Smoking throughout the pregnancy was associated with earlier timing of puberty in both sexes. Maternal smoking during pregnancy has been associated with early42,43 or late44 menarche, and some studies45 report no association at all. A recent meta-analysis concluded that maternal smoking during pregnancy might indeed lower age at menarche for girls, but among boys, an unequivocal puberty-promoting association was lacking.25 A Danish study, which accounted for many confounding factors such as prepregnancy BMI, maternal age at delivery, and social class of parents, concluded that maternal smoking during pregnancy might advance puberty in both boys and girls.26 This is in agreement with our results, though we found no association between maternal smoking and age at PHV if the mother quit smoking during the first trimester. Other studies also indicate that quitting smoking during the first trimester is beneficial for newborn birth weight.46,47 In regard to tobacco smoke exposure during childhood, one Finnish study recently reported that such exposure at home predicts earlier thelarche.9 Finally, maternal smoking during pregnancy is associated in adulthood with reduced semen quality and testis size, suggesting a long-lasting effect on boys’ reproductive system.48,49

Birth weight was associated with the age at PHV in both sexes. Previous studies on girls have found similar associations between low birth weight and early menarche.43,45,50,51 In boys, the results are more ambiguous. In a study by Wohlfahrt-Veje et al, larger birth weight in boys predicted earlier age for attaining testicular volume greater than 3 ml, while predicting later age for Tanner genital stage 4 (G4) or pubic hair stage 4 (P4).12 A recent study on preterm boys reported a negative correlation between the degree of prematurity and birth weight and circulating sex steroid levels at age 10, which suggests that, in children with lower birth weight, the hypothalamus–pituitary–testicular axis might be activated earlier.52 In our study, however, most of the variation in the birth weight of boys was explained by maternal smoking and thus the effect of birth weight on the age of PHV was quite small.

The strongest predictor of earlier age at PHV was child BMI at the age of 6 and 9 years. This was expected, based on similar results, especially in girls.15,53,54,55,56,57 In boys, however, the situation is less clear.
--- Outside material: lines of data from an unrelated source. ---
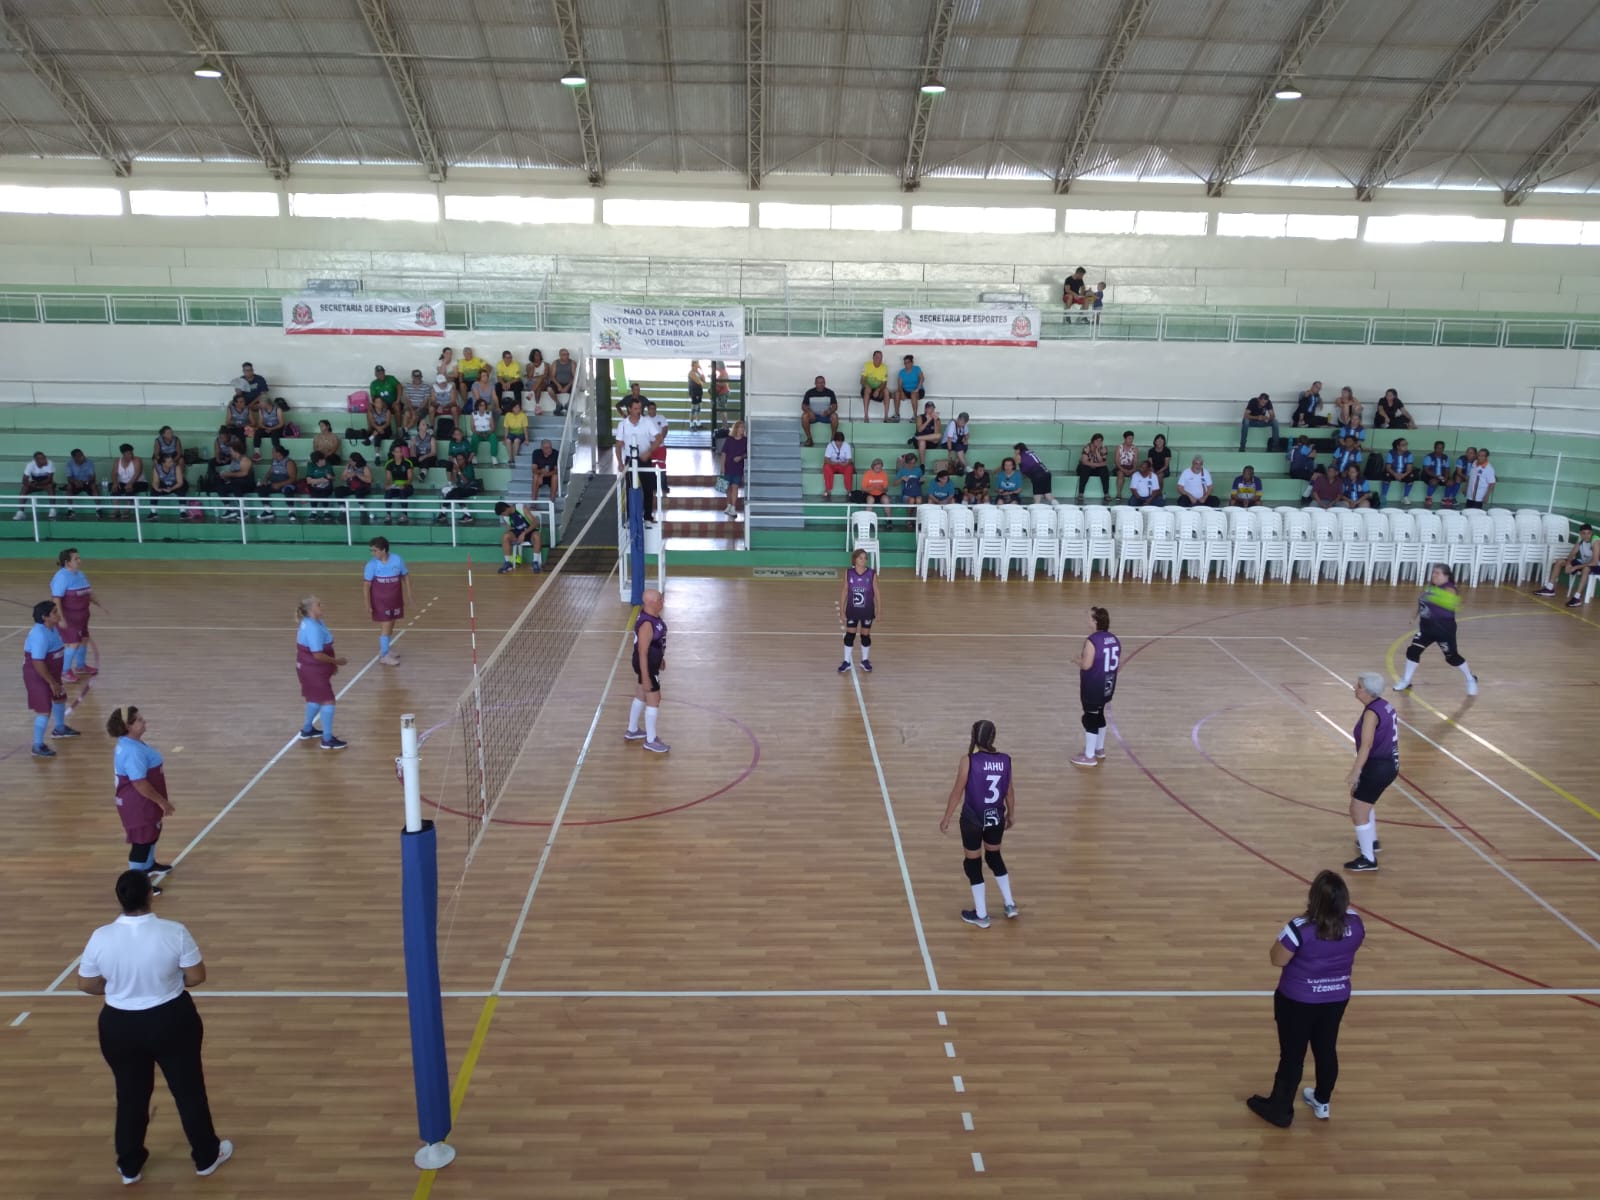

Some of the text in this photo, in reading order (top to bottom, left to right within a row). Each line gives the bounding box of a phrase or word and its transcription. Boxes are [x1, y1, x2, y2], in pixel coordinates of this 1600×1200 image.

[319, 303, 411, 313] SECRETARIA DE ESPORTES
[659, 309, 680, 317] PARA
[645, 318, 657, 326] DE
[696, 319, 734, 328] PAULISTA
[919, 314, 1008, 324] SECRETARIA DE ESPORTES
[656, 328, 694, 337] LEMBRAR
[696, 329, 710, 338] DO
[644, 338, 685, 347] VOLEIBOL
[1103, 644, 1119, 672] 15
[983, 761, 1004, 771] JAHU
[984, 775, 1002, 803] 3
[1311, 983, 1346, 993] TÉCNICA
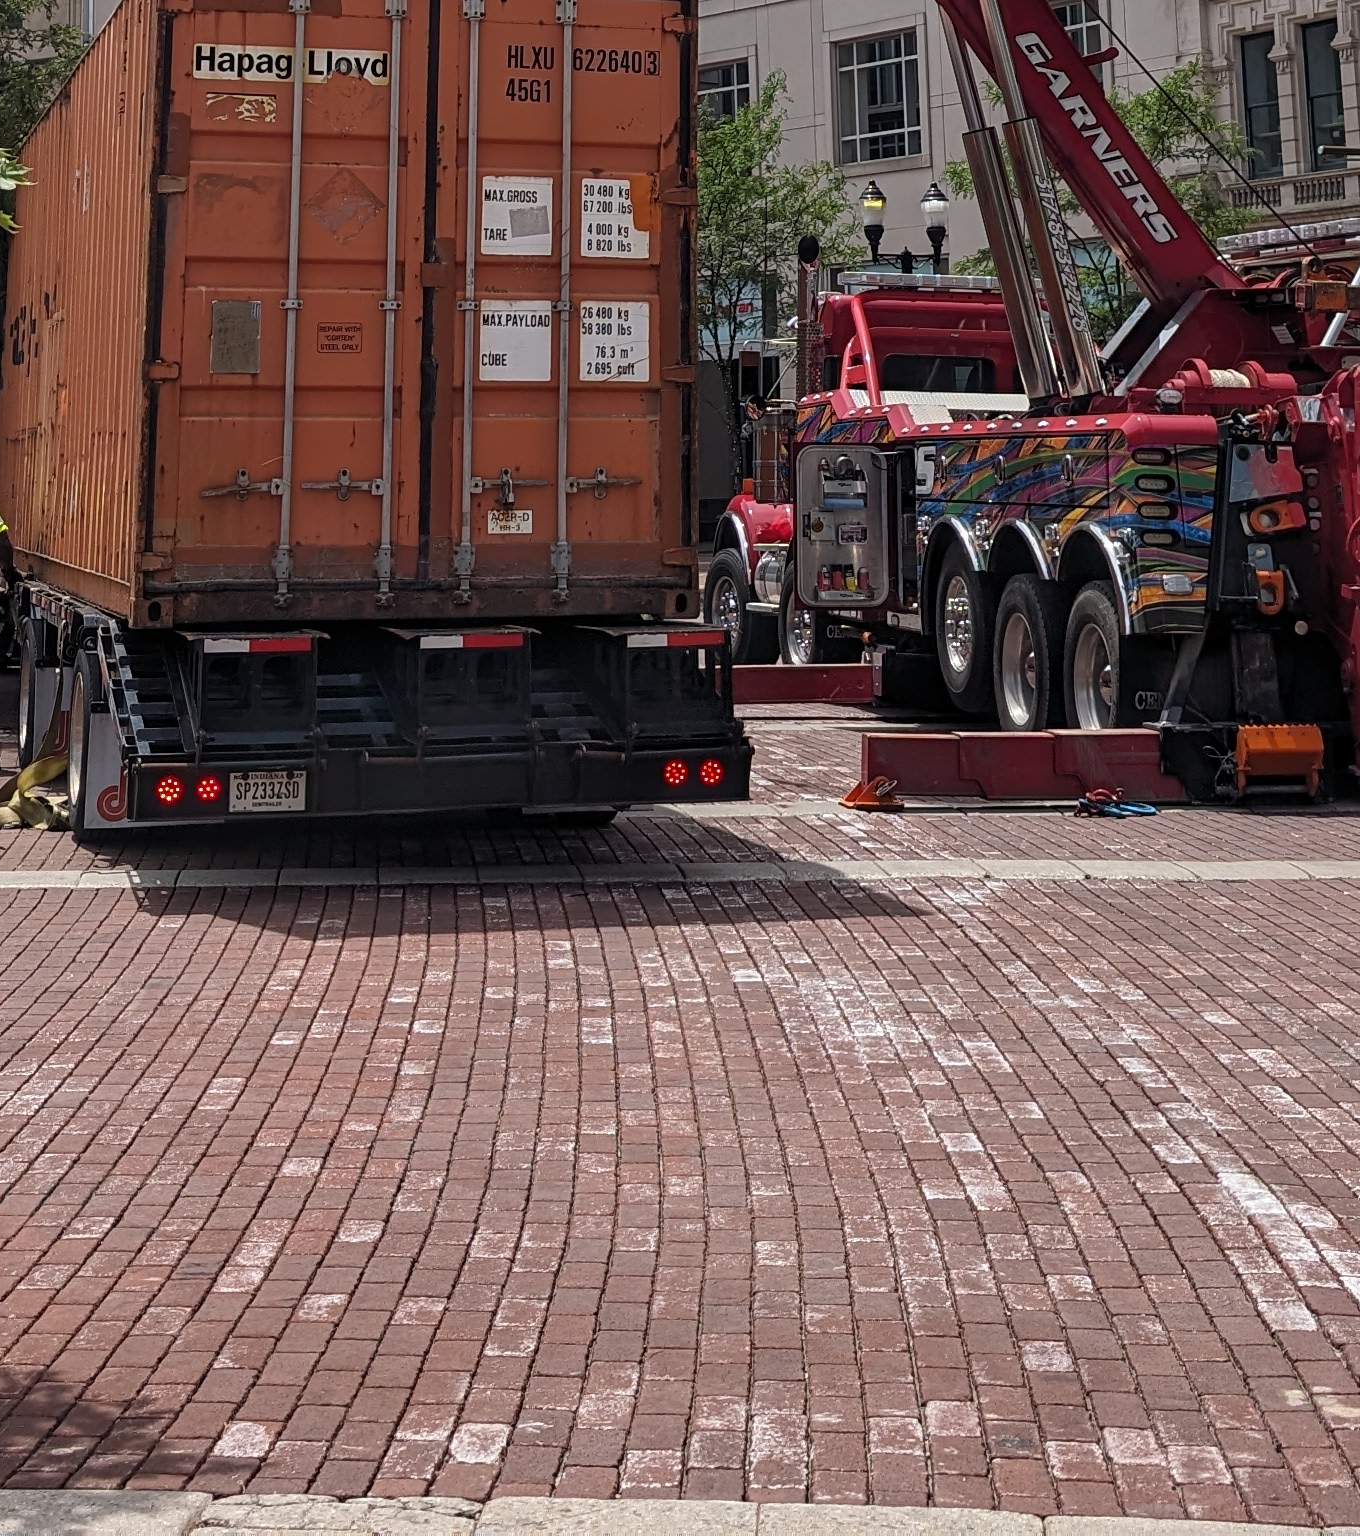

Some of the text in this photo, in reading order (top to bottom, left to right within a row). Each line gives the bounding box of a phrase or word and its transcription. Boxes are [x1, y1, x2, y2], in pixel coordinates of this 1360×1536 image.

[507, 44, 555, 70] HLXU
[505, 77, 551, 103] 45G1
[1015, 32, 1179, 244] GARNERS
[484, 189, 538, 204] MAX.GROSS
[596, 185, 614, 198] 480
[618, 186, 630, 200] kg
[583, 201, 633, 214] 67 200 lbs
[483, 228, 508, 241] TARE
[617, 224, 630, 238] kg
[617, 240, 632, 252] lbs
[482, 314, 551, 328] MAX.PAYLOAD
[595, 307, 613, 319] 480
[617, 307, 630, 321] kg
[319, 325, 361, 333] REPAIR WITH
[595, 323, 613, 336] 380
[617, 324, 632, 336] lbs
[320, 343, 340, 351] STEEL
[481, 353, 508, 367] CUBE
[595, 346, 616, 359] 76.3
[595, 362, 612, 375] 695
[250, 773, 286, 781] INDIANA
[235, 780, 300, 801] SP233ZSD
For example, Bygdell et al and Oehme et al suggested that the relationship between nutritional status and the timing of puberty did not apply to overweight boys,58,59 whereas other investigators have reported that higher BMI is associated with earlier timing of puberty, irrespective of boys’ BMI.15,60,61,62,63 In our study, BMI at age 6 and 9 years was associated with earlier age at PHV also among overweight boys (BMI>90th percentile or BMI>95th percentile). The World Health Organization defines normal BMI for girls as 12.7 kg/m2 to 17 kg/m2 at age 6 and 13.1 kg/m2 to 18.3 kg/m2 at age 9 and for boys a respective 13 kg/m2 to 16.8 kg/m2 and 13.5 kg/m2 to 17.9 kg/m2.64 The association between child weight and timing of puberty lends credence to the concept that prevention of childhood obesity may modify the timing of puberty in both girls and boys.62 In our study already BMI at the age of 6 years, which is well before the onset of puberty, was associated with the timing of puberty.
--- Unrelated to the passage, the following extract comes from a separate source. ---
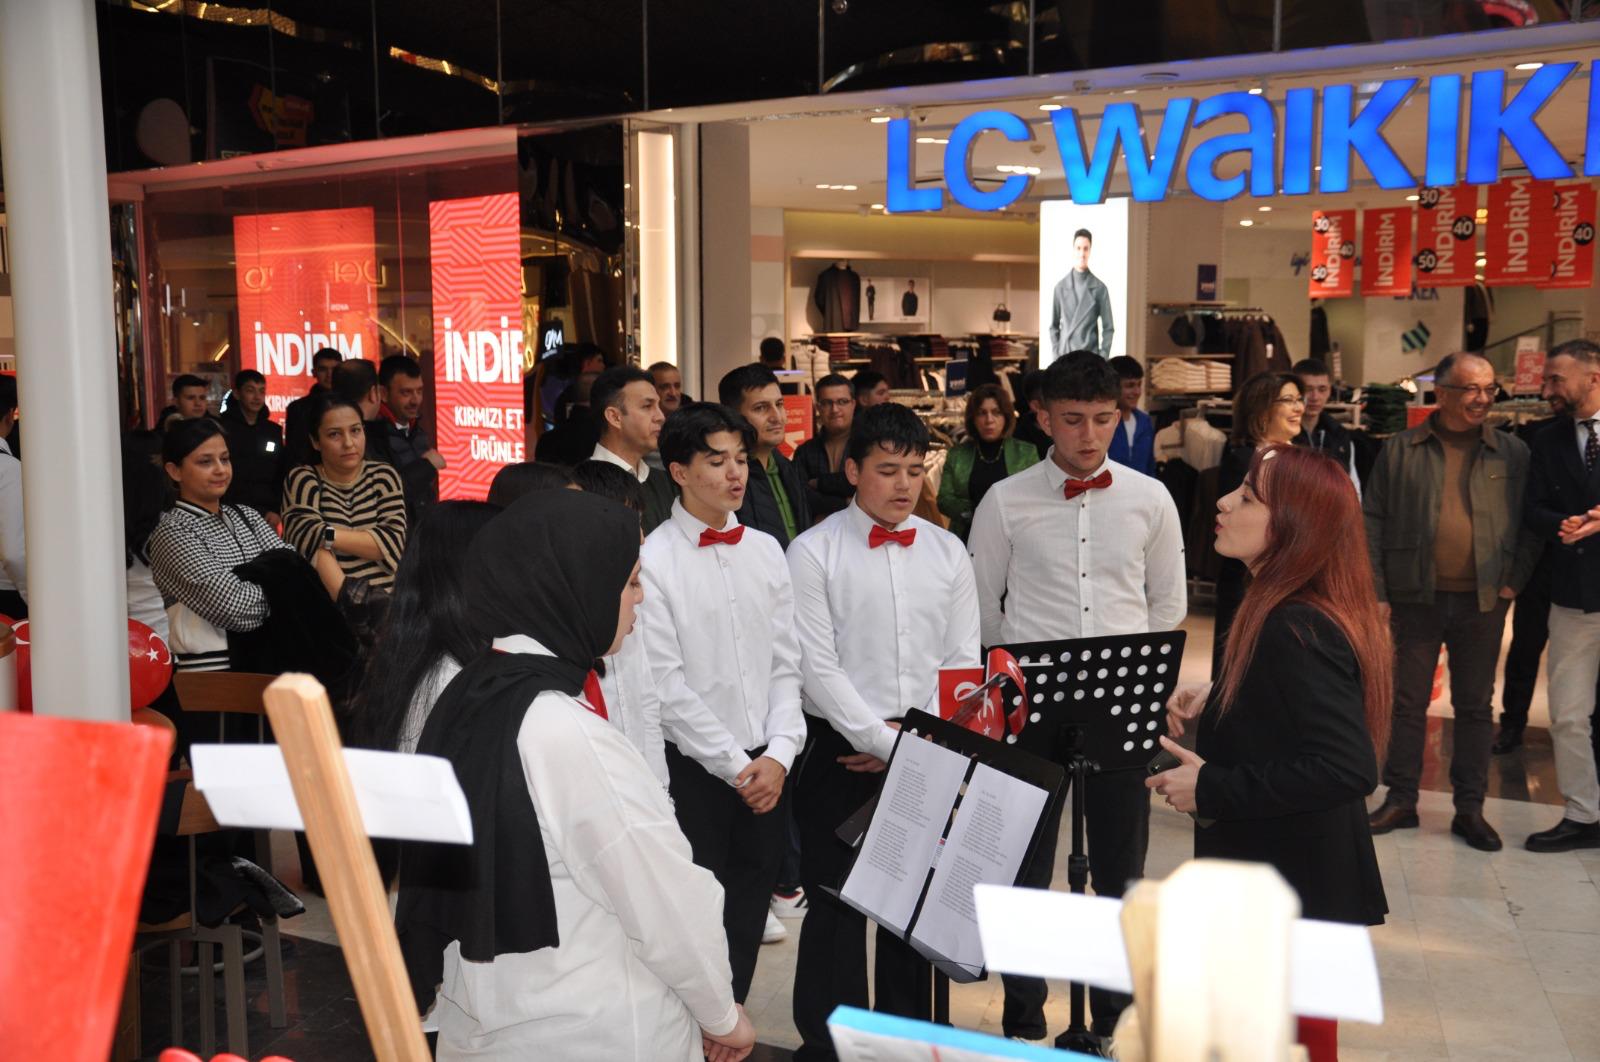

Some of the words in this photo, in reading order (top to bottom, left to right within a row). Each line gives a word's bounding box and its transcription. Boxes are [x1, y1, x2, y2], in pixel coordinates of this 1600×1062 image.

The strengths of this study include its population-based setting, large study cohort, and objective assessment of the timing of puberty from growth charts instead of surveys. Unfortunately, quantitative and comprehensive data on maternal smoking during pregnancy, and the child’s possible exposure to tobacco smoke at home were unavailable. Other important variables which we had no access to included maternal weight/BMI, lifestyle, gestational diabetes, and family’s income level. Additional lifestyle and socioeconomic factors like these may also contribute to the associations described between maternal smoking during pregnancy and timing of puberty.

In summary, the timing of puberty in both sexes is significantly influenced by maternal smoking during pregnancy, child birth weight, and BMI at ages 6 and 9. This underscores the importance of recognizing smoking and childhood obesity as risk factors for long-term health.